■ **Exercise brief**:
When you repeat the entries, reproduce each line exactly and omit every picture.

■ **Dataset excerpts**:

┌──

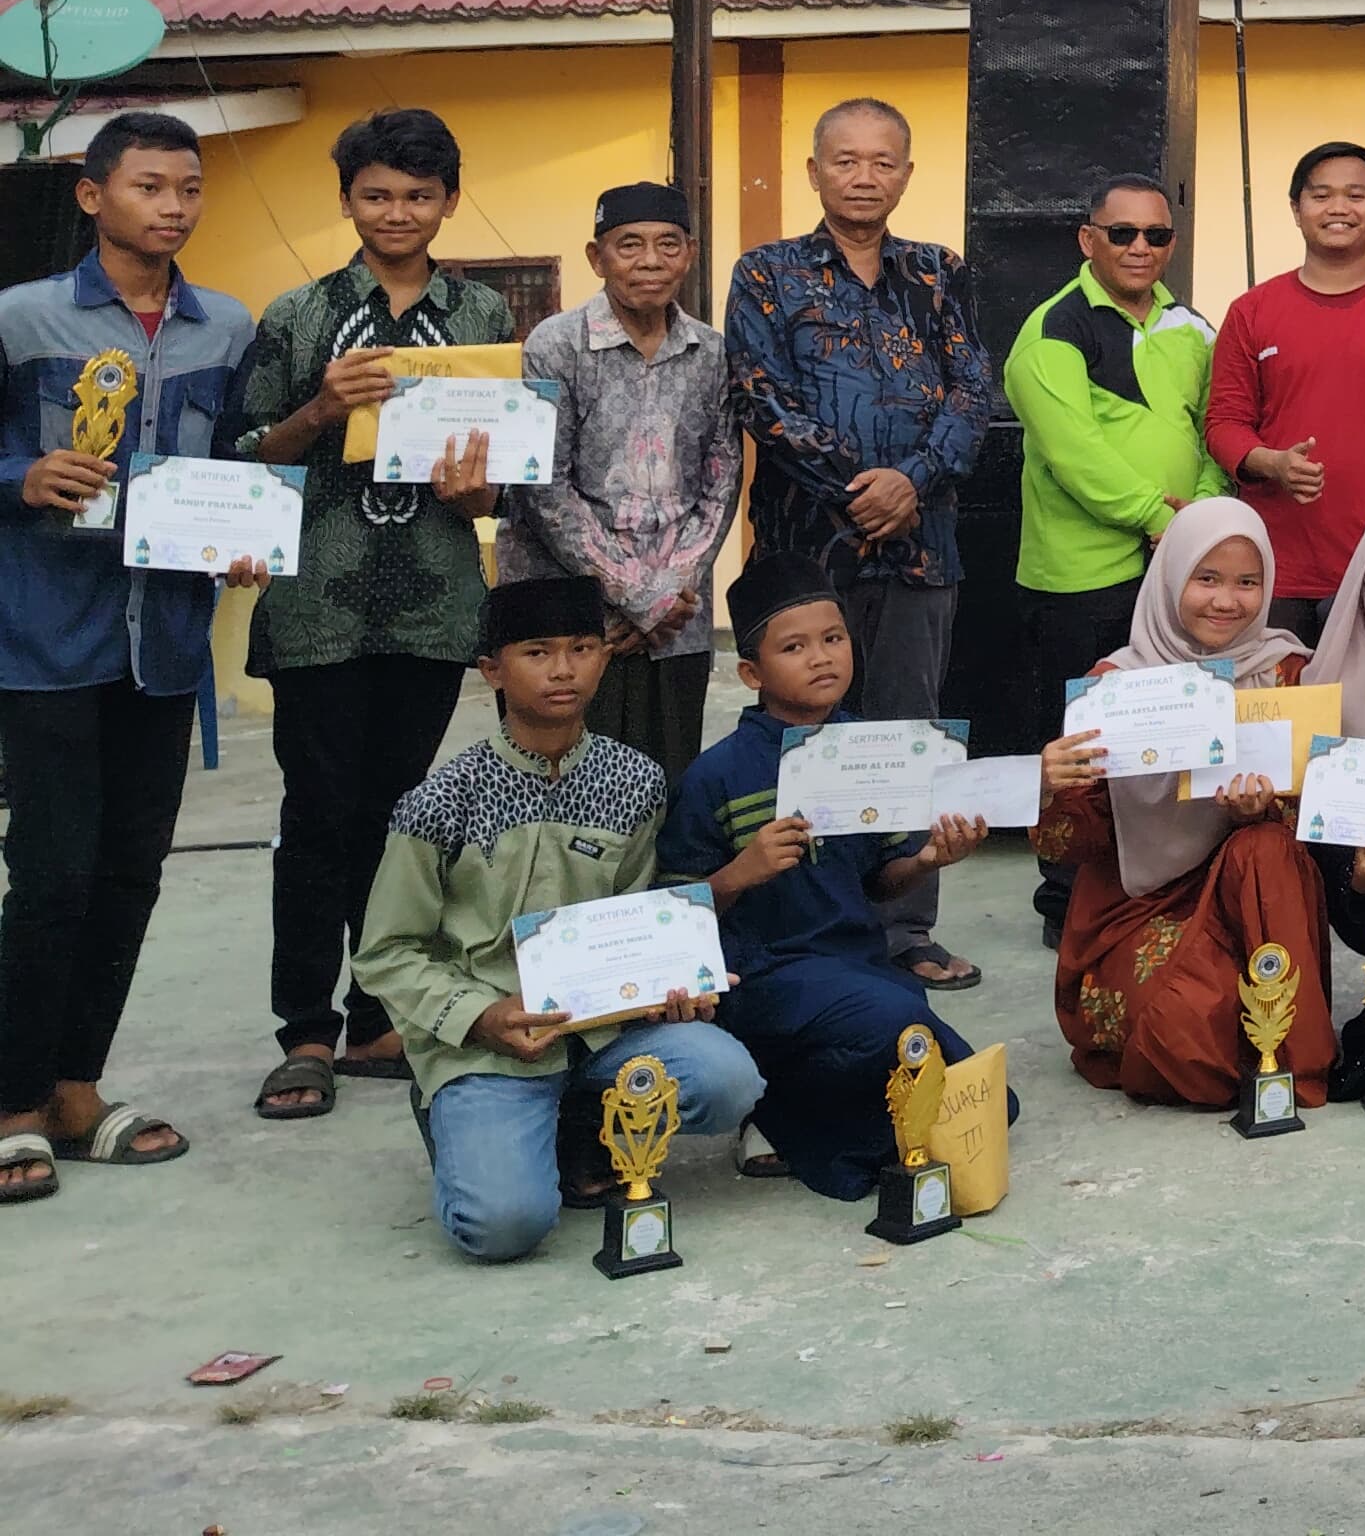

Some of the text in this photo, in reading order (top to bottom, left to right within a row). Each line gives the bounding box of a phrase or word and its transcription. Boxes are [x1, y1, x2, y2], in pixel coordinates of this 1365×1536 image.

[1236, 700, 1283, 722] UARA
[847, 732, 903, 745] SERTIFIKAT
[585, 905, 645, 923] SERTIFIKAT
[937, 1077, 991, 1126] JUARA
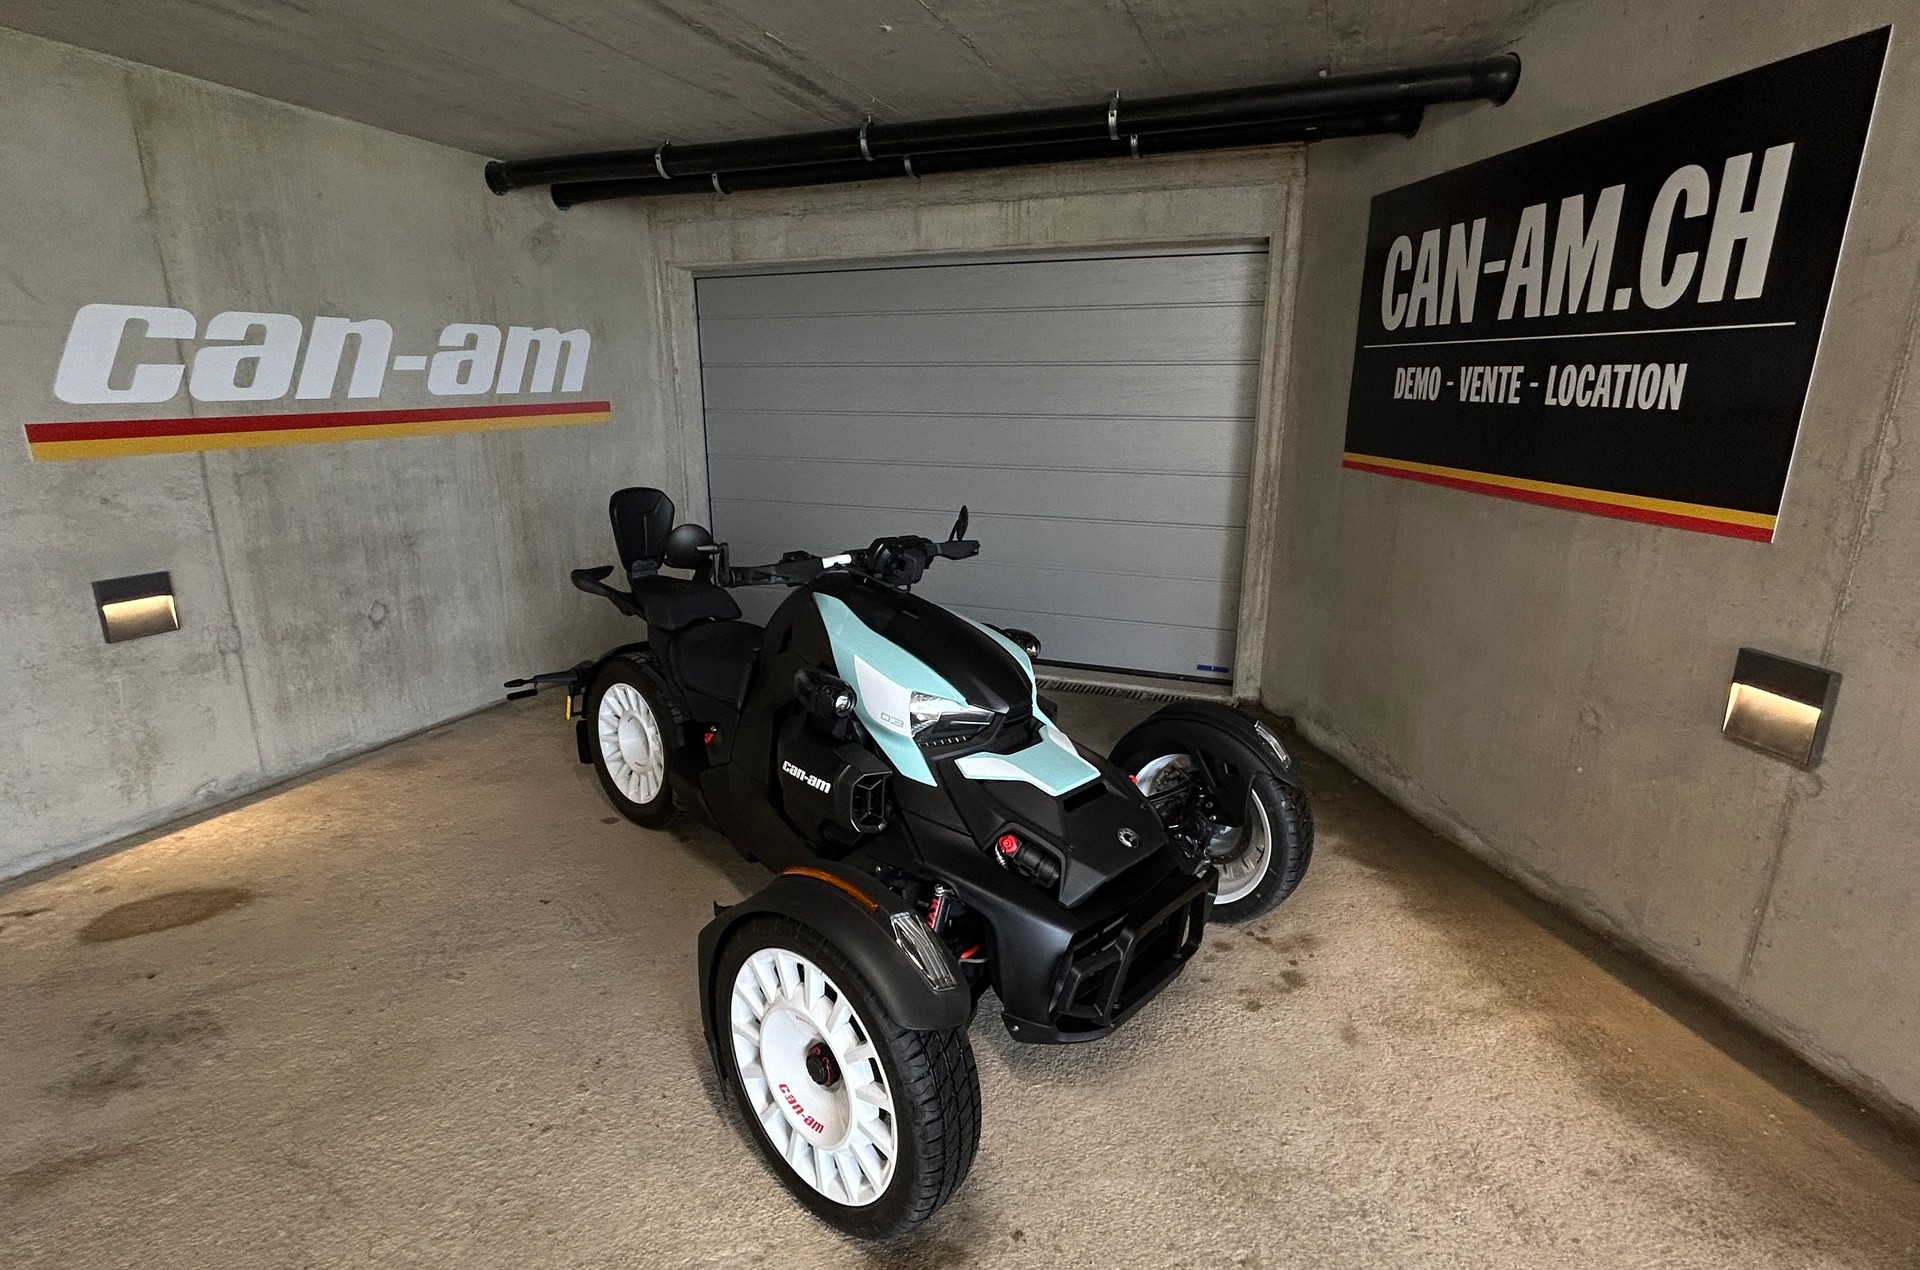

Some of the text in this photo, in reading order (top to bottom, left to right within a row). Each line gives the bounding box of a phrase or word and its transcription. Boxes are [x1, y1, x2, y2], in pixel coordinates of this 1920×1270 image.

└──

■ **Exercise answer**:
Some of the text in this photo, in reading order (top to bottom, left to right within a row). Each line gives the bounding box of a phrase or word and its transcription. Boxes are [x1, y1, x2, y2], in pixel coordinates of this 1365×1536 image.

[1236, 700, 1283, 722] UARA
[847, 732, 903, 745] SERTIFIKAT
[585, 905, 645, 923] SERTIFIKAT
[937, 1077, 991, 1126] JUARA

Some of the text in this photo, in reading order (top to bottom, left to right within a row). Each line gives the bounding box of a phrase or word and its transcription. Boxes are [x1, y1, x2, y2], in pixel coordinates of this 1920×1270 image.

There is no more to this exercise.